El sector privado también se ve afectado: empresas de transporte escolar, editoriales y proveedores de material reportan caídas del 18–22% en facturación durante jornadas de huelga.
Presión sobre el calendario académico
La coincidencia con las pruebas de Selectividad obliga a reprogramar exámenes y evaluar alternativas logísticas. El Departament d’Educació ya ha activado un protocolo de contingencia para garantizar la convocatoria, pero sin garantías de equidad en condiciones de evaluación.
¿Qué dice la ley sobre la huelga docente en Cataluña?
La huelga está amparada por el Estatuto de los Trabajadores y la Ley 10/2007 del Parlament de Catalunya, que reconoce el derecho de los funcionarios docentes a la acción sindical. Sin embargo, exige un preaviso de 15 días y la prestación de servicios mínimos.
Servicios mínimos: ¿qué debe funcionar?
- Atención a alumnado con necesidades específicas de apoyo.
- Supervisión de menores en centros de educación infantil y primaria.
- Gestión administrativa esencial (matrículas, expedientes, seguridad).
El incumplimiento de estos servicios puede dar lugar a sanciones disciplinarias, aunque su aplicación es objeto de controversia jurídica recurrente.
¿Cuál es el marco político y social actual del conflicto?
La huelga se produce en un contexto de alta tensión institucional. La consellera Esther Niubó afirmó que “la negociación ha terminado”, lo que fue interpretado como una ruptura de la mesa de diálogo. Esto ha generado una pérdida de confianza entre la administración y los colectivos docentes.
La presencia del papa León XIV en Barcelona el 9 de junio añade una dimensión simbólica y mediática inusual: los sindicatos aprovechan la atención internacional para visibilizar sus reivindicaciones.
Datos Clave
- El seguimiento de la huelga alcanzó el 27,93% a las 13 horas, con información del 84,49% de los centros.
- 90.000 docentes se concentraron ante el Parlament y el Parque de la Ciutadella.
- La nueva huelga está convocada para el 9 de junio, día de la llegada del papa León XIV.
- El preacuerdo fue rechazado por CGT y la Intersindical, pese al respaldo de otros cuatro sindicatos.
- El 38% del profesorado sigue en situación temporal, según datos oficiales de 2026.
¿Qué sigue después de la huelga del 9 de junio?

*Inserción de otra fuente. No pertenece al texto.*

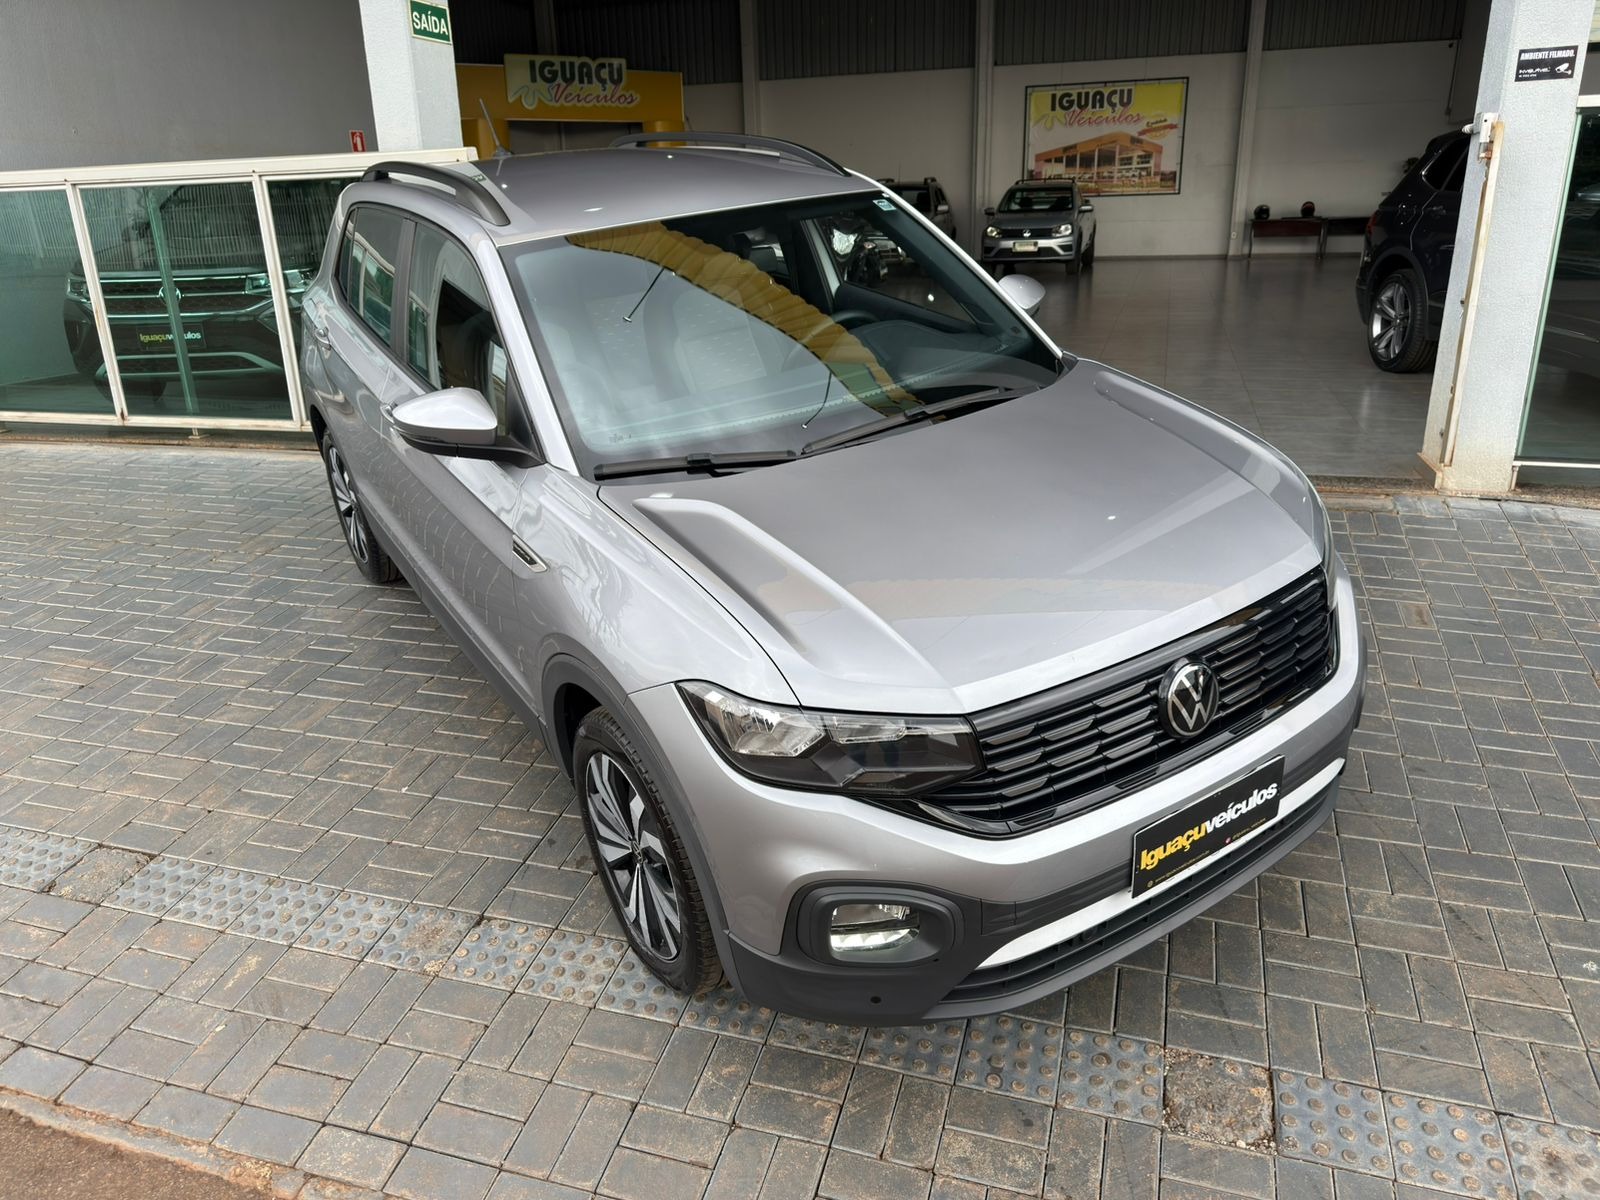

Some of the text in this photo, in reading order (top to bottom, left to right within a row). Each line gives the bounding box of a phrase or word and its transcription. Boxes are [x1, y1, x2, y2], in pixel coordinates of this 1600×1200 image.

Los sindicatos han advertido que la movilización se mantendrá mientras no se abra una nueva mesa de negociación con compromisos concretos. La Generalitat no ha anunciado cambios en su postura, pero el impacto en la opinión pública y la presión internacional podrían forzar una reapertura del diálogo antes del inicio del curso 2026–2027.